Saturday 22 September 2001 00:00 BST
Comments

The old lady's face lit up when she saw the young man. "There's a letter for you," she shouted across the car park. "Is everything all right with you, love?" he responded, crossing the open space to talk to her. They stood before the railings that had been erected in front of her house to stop local youths from congregating there. "They were smoking and urinating in the porch," she explained. "You have a youth problem. I have a youth problem. We have a youth problem," he sighed to her.

The elderly woman was white. The young man was Asian. The place, one of the most deprived wards in the UK, was a mixed community of terraced housing somewhere off Blackburn Road in Bolton, where a mosque was firebombed this week in the aftermath of the terrorist attacks in New York. The world is everywhere changed since that cataclysmic event – or so everyone keeps telling us. But how? Revealingly, if you ask whites and Asians in this former mill town you get very different responses.

"There's no bad feeling between the races in this neighbourhood, it's just the youth," the old lady said. "We've lived together for a long time – we look out for each other," a middle-aged white woman in the same housing association estate said. "We know these people," a young blonde said, standing smoking outside the local post office. "They've lived here as long as I have. It's their country too. There's no rise in tension here."

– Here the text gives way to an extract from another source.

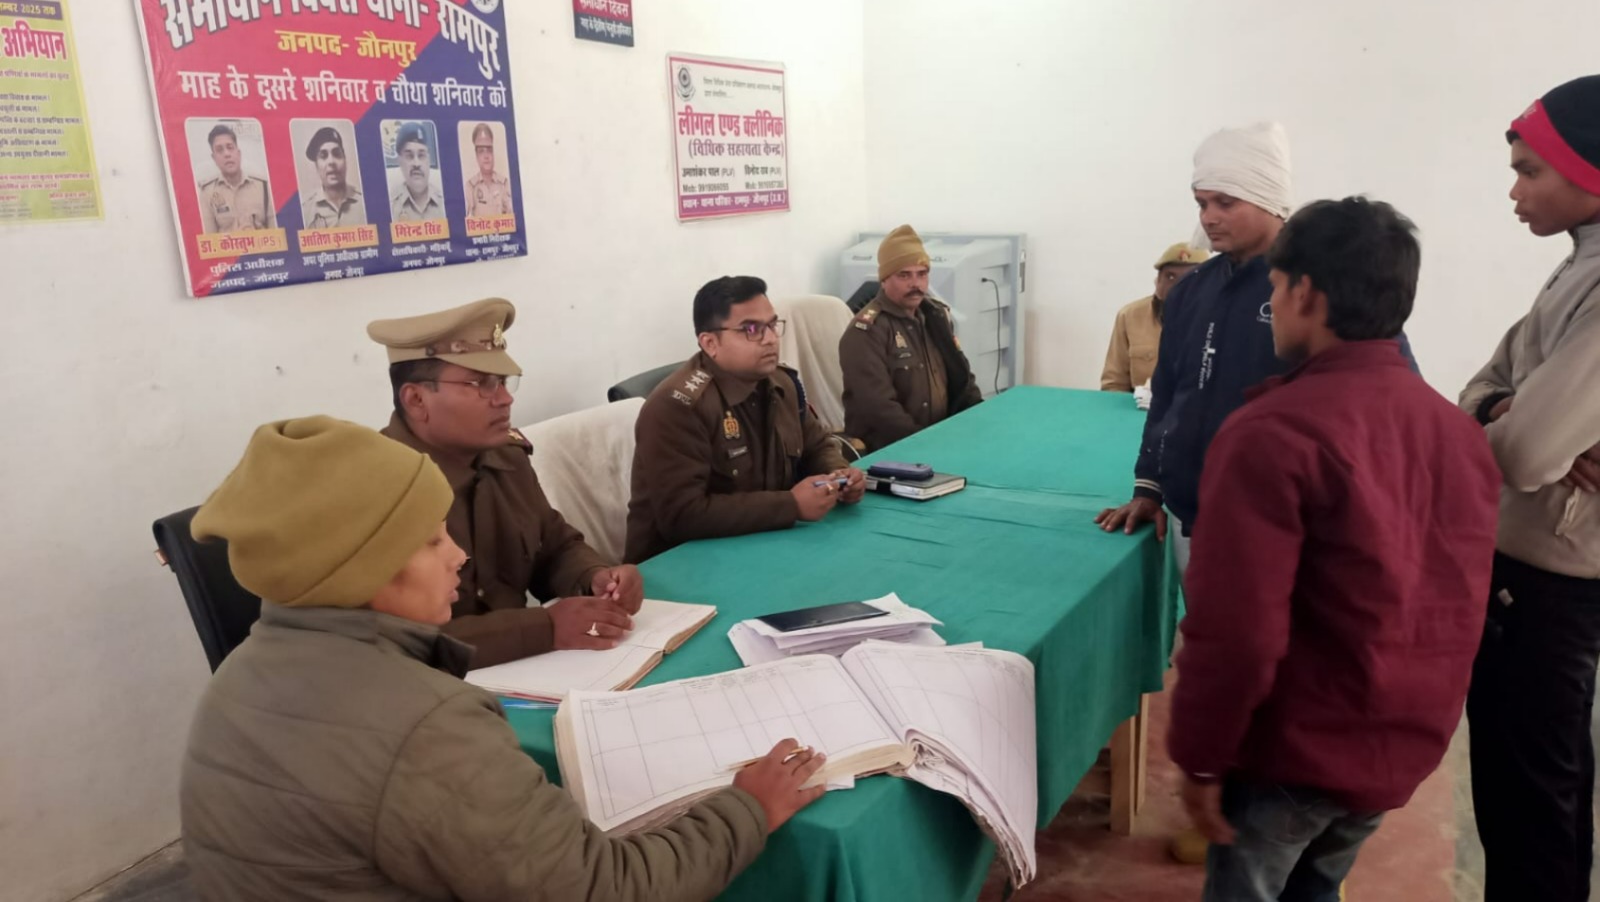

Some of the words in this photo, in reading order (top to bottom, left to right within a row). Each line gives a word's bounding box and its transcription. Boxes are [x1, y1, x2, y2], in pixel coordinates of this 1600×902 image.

It is not how the Asians see things. The young man on his way to collect his letter from the housing association office is Hanif Alli, who runs the local community centre where the old folk run coffee mornings and the teenagers congregate in the evenings for the youth club. (It's closed at present, following an attempt by local vandals to burn it down. He does, indeed, have a youth problem.) As he makes his way through the streets, local people stop him to exchange anxious news.

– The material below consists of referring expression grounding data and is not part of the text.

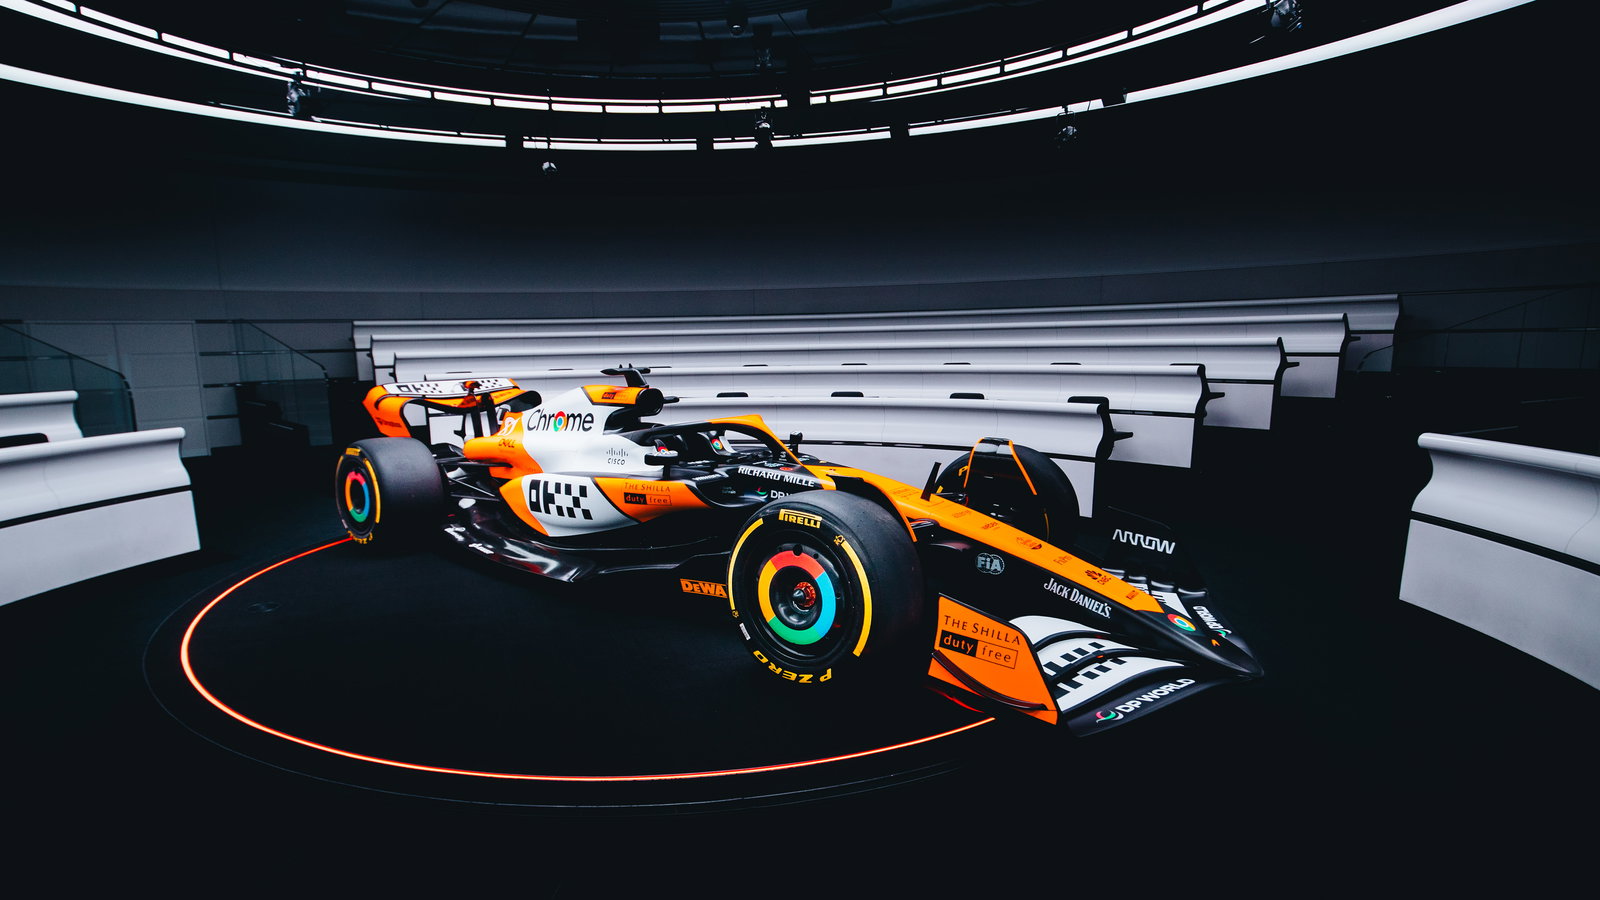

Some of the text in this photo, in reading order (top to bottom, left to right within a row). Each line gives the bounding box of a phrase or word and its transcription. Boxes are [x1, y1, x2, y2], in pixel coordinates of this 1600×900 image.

[527, 408, 594, 432] Chrome
[607, 457, 626, 466] CISCO
[624, 482, 669, 493] THE SHILLA
[737, 466, 780, 481] RICHARD
[783, 474, 815, 487] MILLE
[625, 494, 644, 504] duty
[778, 509, 823, 529] PIRELLI
[1112, 528, 1175, 555] ARROW
[1043, 577, 1070, 600] JACK
[943, 615, 1021, 645] THE SHILLA
[943, 635, 1011, 662] duty free
[753, 650, 833, 683] P ZERO
[1115, 678, 1195, 713] DP WORLD
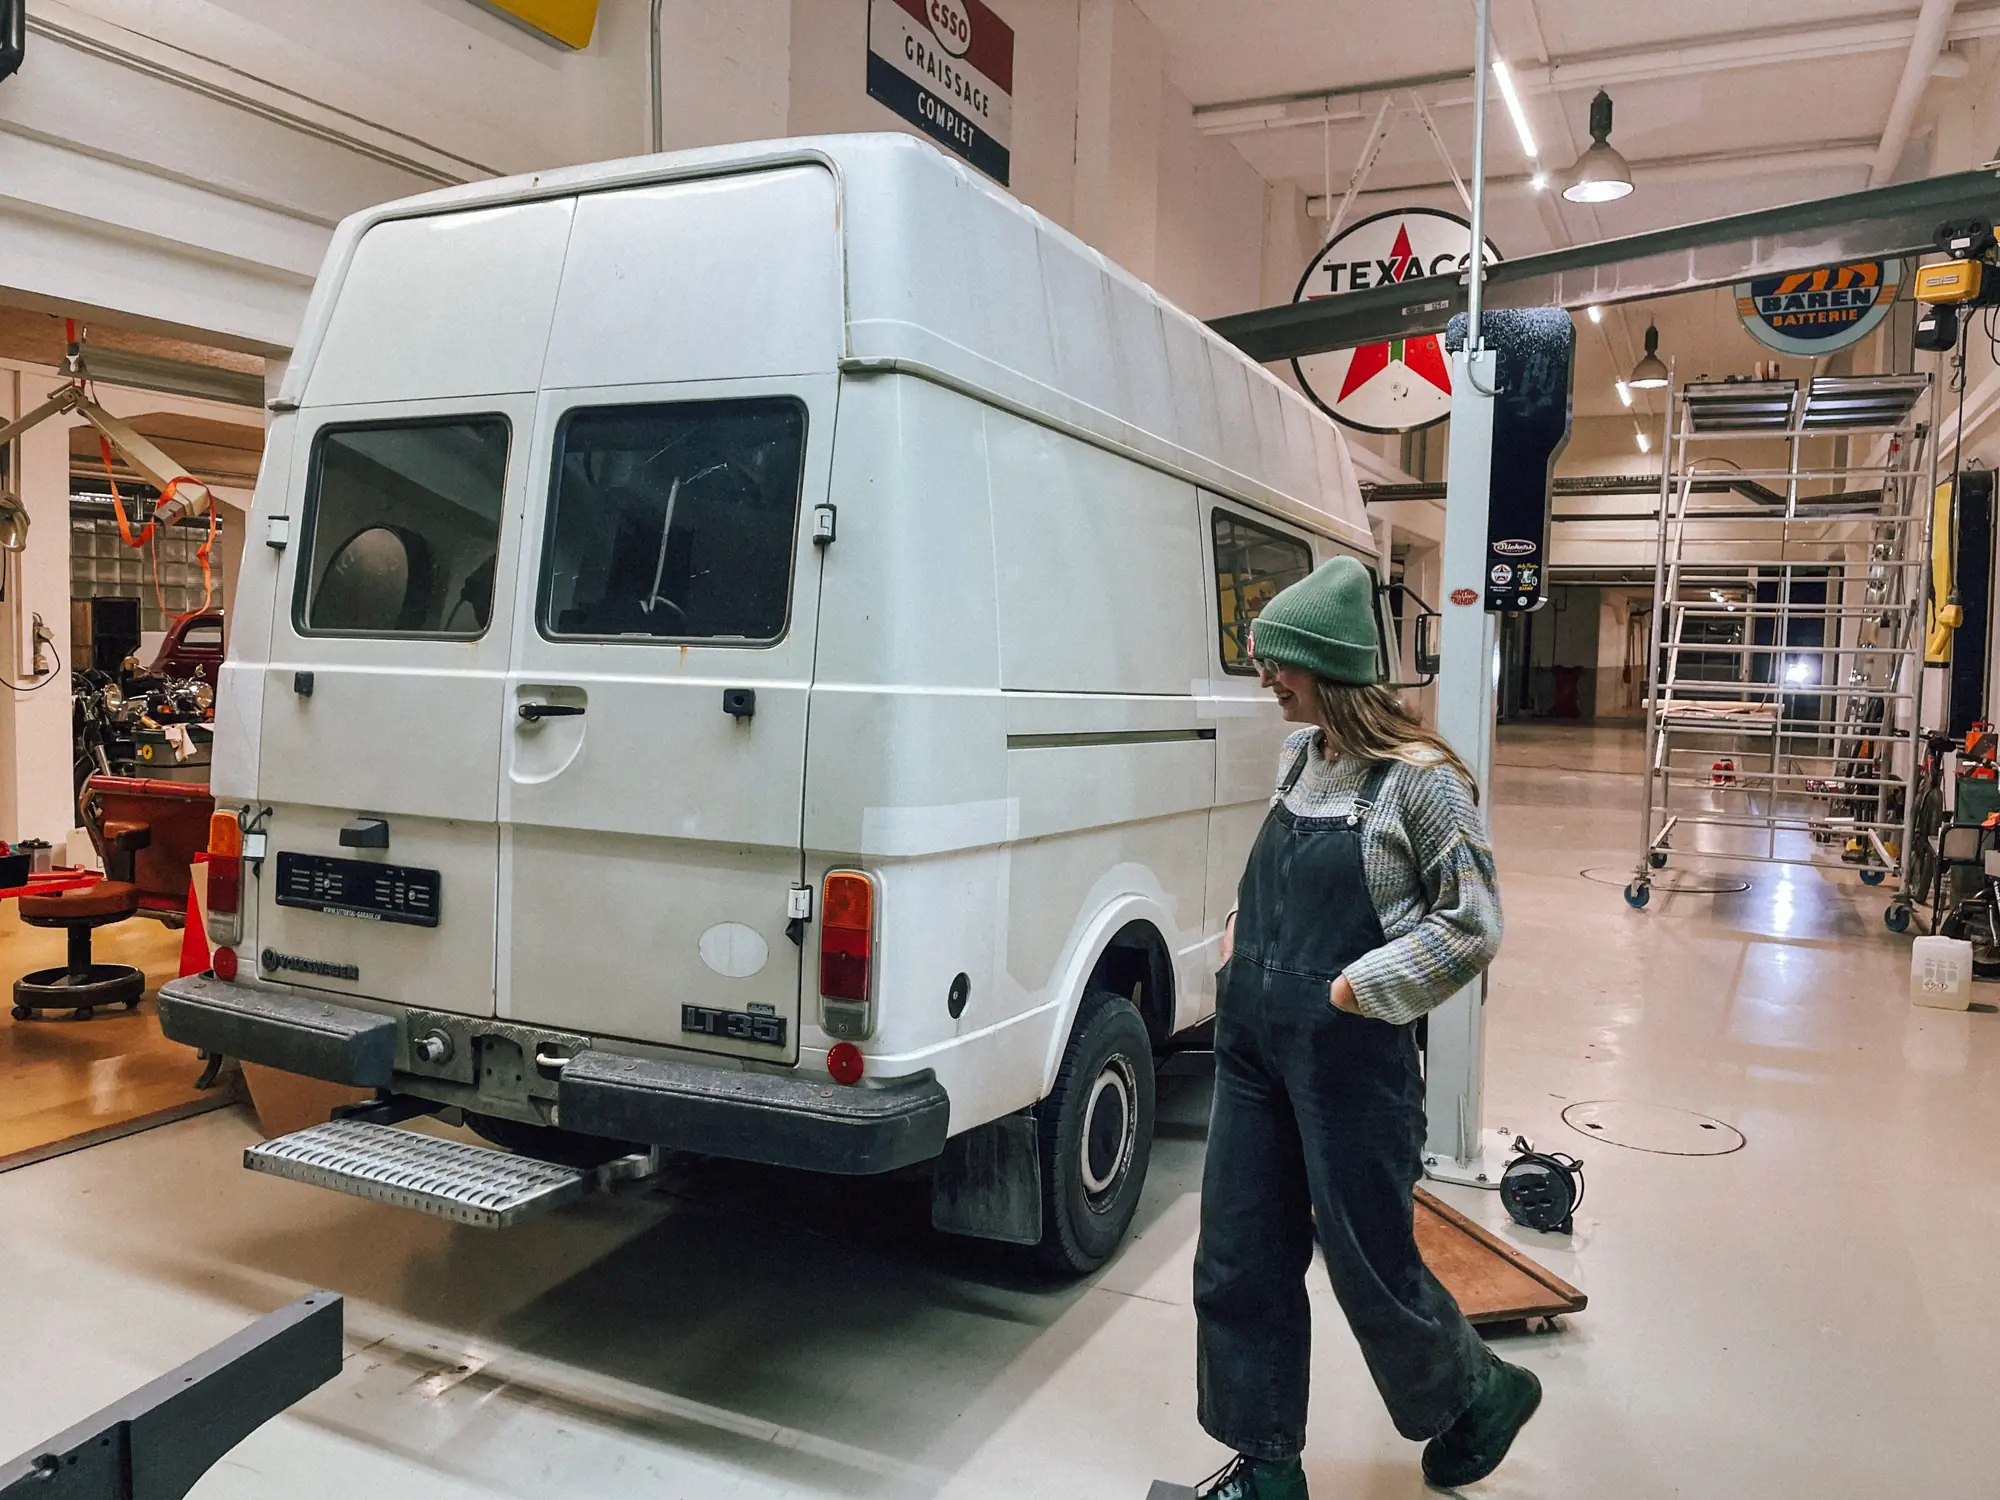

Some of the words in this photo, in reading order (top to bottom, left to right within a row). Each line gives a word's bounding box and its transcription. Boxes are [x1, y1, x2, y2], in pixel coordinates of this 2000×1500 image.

[905, 35, 989, 118] GRAISSAGE
[917, 91, 975, 147] COMPLET
[1761, 288, 1872, 313] BÄREN
[1772, 308, 1858, 327] BATTERIE
[686, 1007, 722, 1033] LT
[727, 1012, 779, 1041] 35

One man has been spat at. Another has had abuse shouted at him. One woman is worried about the local school, where 95 per cent of the pupils are Muslim; the head-teacher has twice this week sent worried notes out to all the parents. Worse still, a local private school for Muslim girls has received a frightening anonymous call threatening to kidnap 10 of the pupils and perpetrate upon them acts that it is best not to record.

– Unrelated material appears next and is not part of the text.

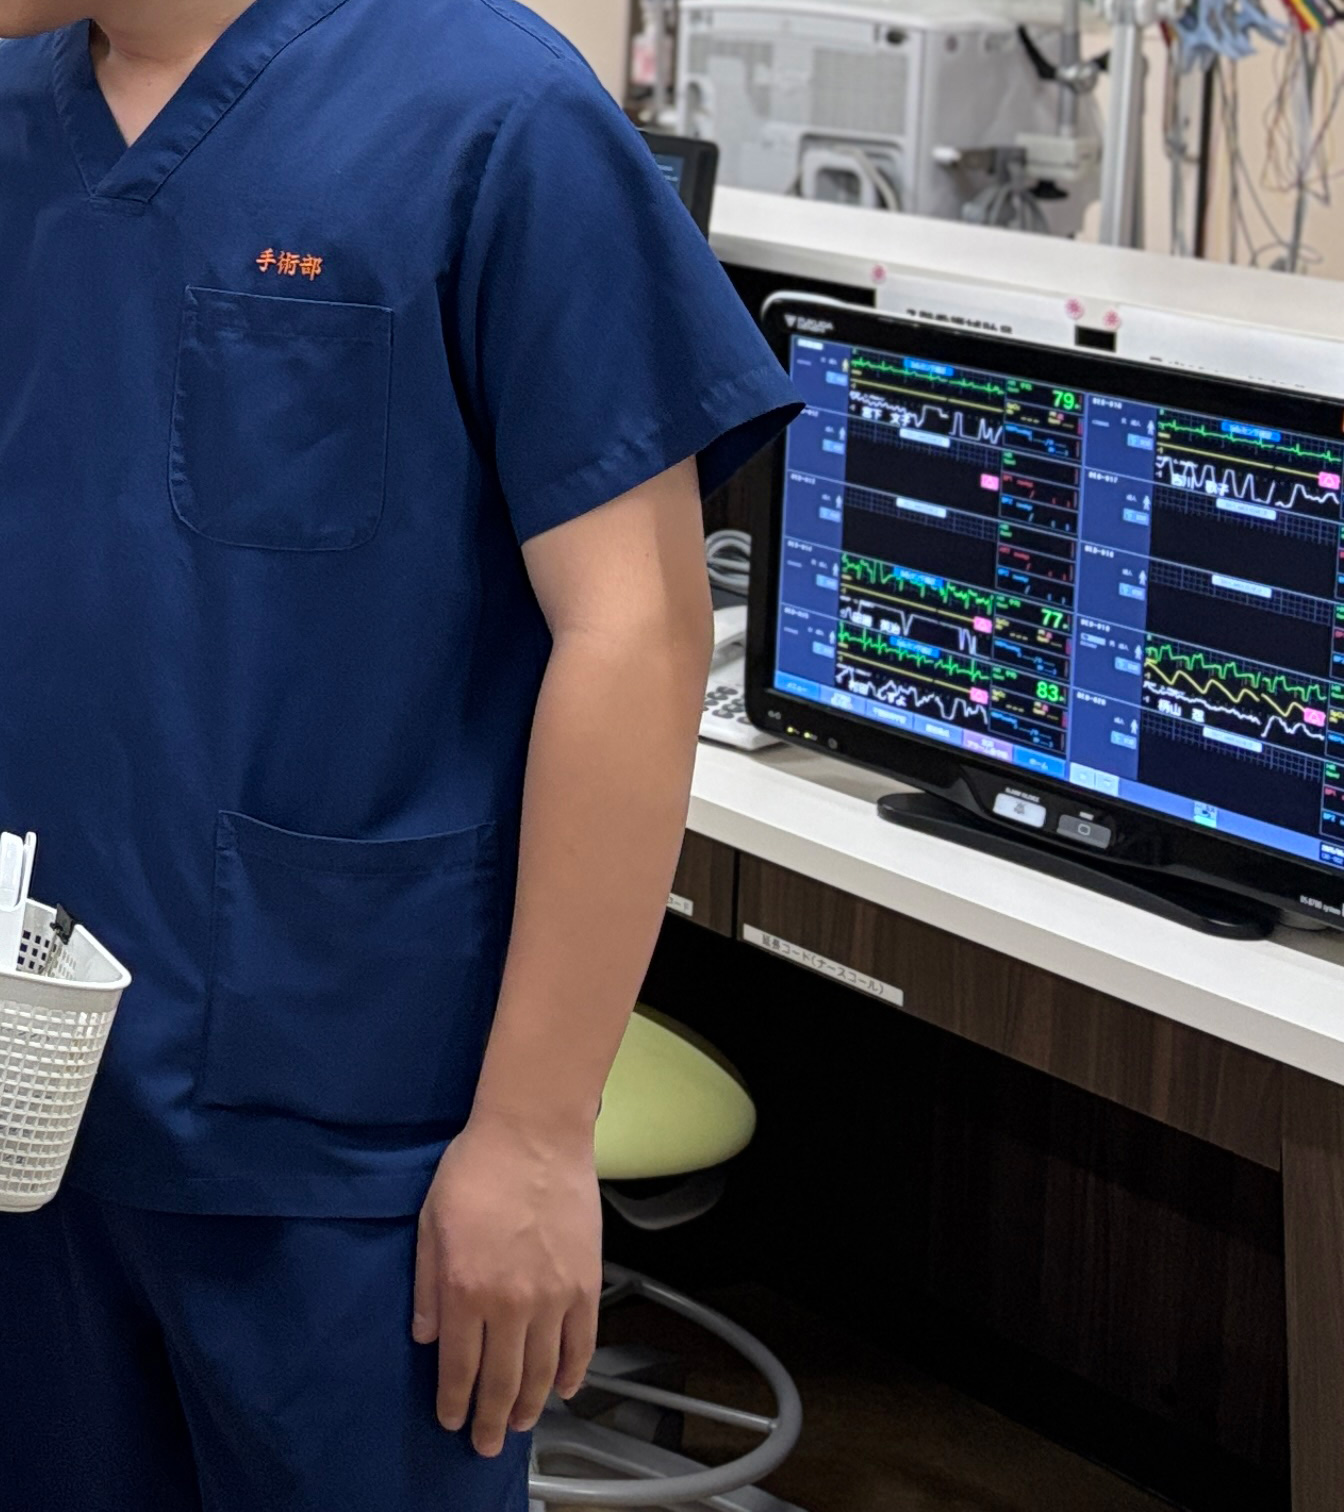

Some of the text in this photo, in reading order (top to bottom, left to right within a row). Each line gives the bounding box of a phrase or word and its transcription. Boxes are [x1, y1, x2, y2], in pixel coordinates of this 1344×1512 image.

[255, 246, 324, 282] 手術部
[1052, 390, 1075, 411] 79
[1040, 608, 1064, 629] 77
[1036, 681, 1060, 702] 83

"We've been told not to drop the children off in the playground but to take them into the building," one man said. At the after-school Koran classes at the local mosque, children are now being locked in. "We have to think twice about letting our wives and children go downtown on their own now," another man said. "We even got funny looks when we went to the local Asda to sign the book of condolences they opened to send to the American embassy."

So afraid is the local Muslim community that not one of the individuals we encountered was prepared to give me their name – not even those who spoke only of the awfulness of the attacks on New York. And the community has clearly been as shaken by the atrocity as the rest of the British public. "All those families whose lives have been shattered," one man said, shaking his full beard in evident disquiet. "I can't bear to think of the children sitting and hoping that their dads will come home," one woman said. "After all, those people had just gone out to work in the morning like we all do," another said. The sadness was vividly expressed, as was the apprehension of what the consequences of it all might be here on the streets of Bolton.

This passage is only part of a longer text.